◆ Task to complete
The result should be an exact copy of the entries below, free of pictures.

◆ Saved data entries
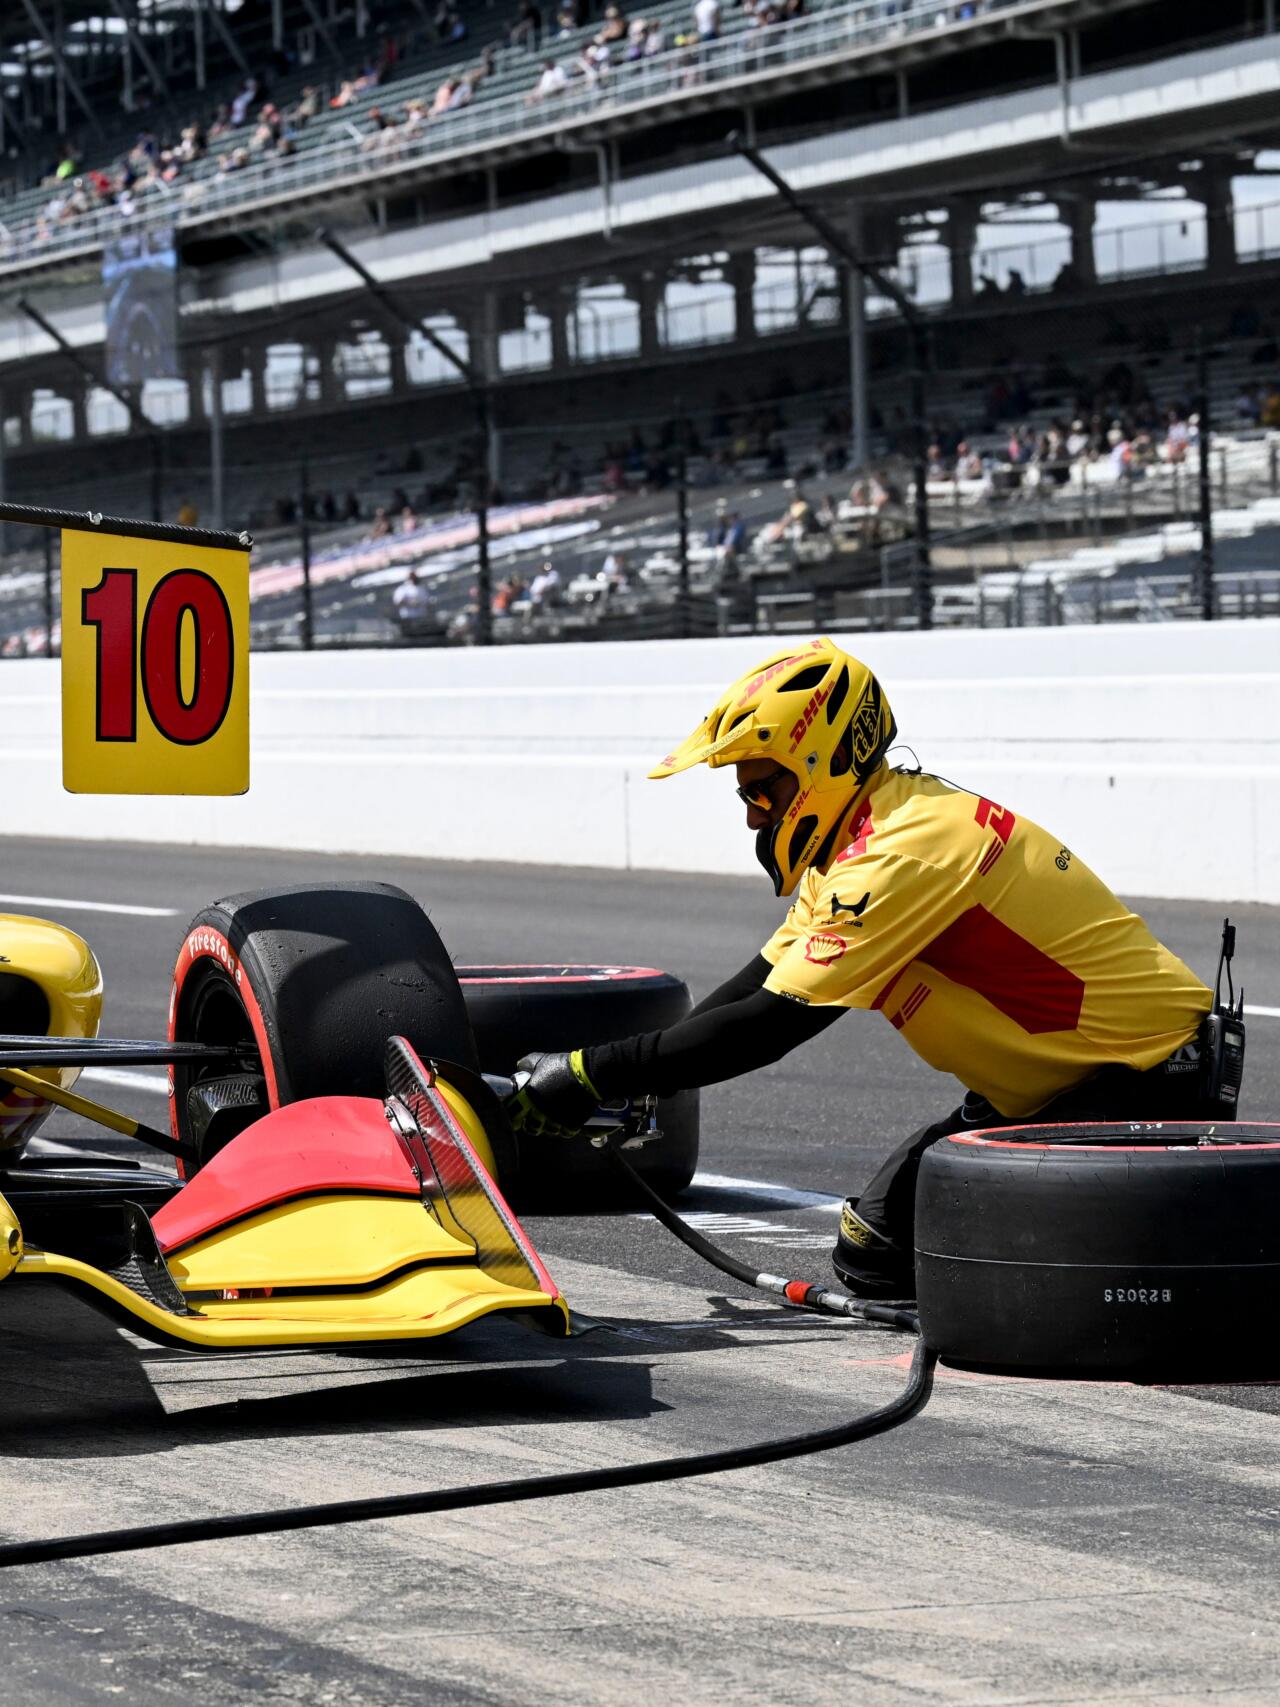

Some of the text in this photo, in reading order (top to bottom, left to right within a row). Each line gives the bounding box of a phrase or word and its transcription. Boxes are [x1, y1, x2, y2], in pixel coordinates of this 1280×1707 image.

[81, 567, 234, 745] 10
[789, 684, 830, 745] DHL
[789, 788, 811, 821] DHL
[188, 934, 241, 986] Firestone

◆ Solution for this problem
Some of the text in this photo, in reading order (top to bottom, left to right within a row). Each line gives the bounding box of a phrase or word and its transcription. Boxes are [x1, y1, x2, y2], in pixel coordinates of this 1280×1707 image.

[81, 567, 234, 745] 10
[789, 684, 830, 745] DHL
[789, 788, 811, 821] DHL
[188, 934, 241, 986] Firestone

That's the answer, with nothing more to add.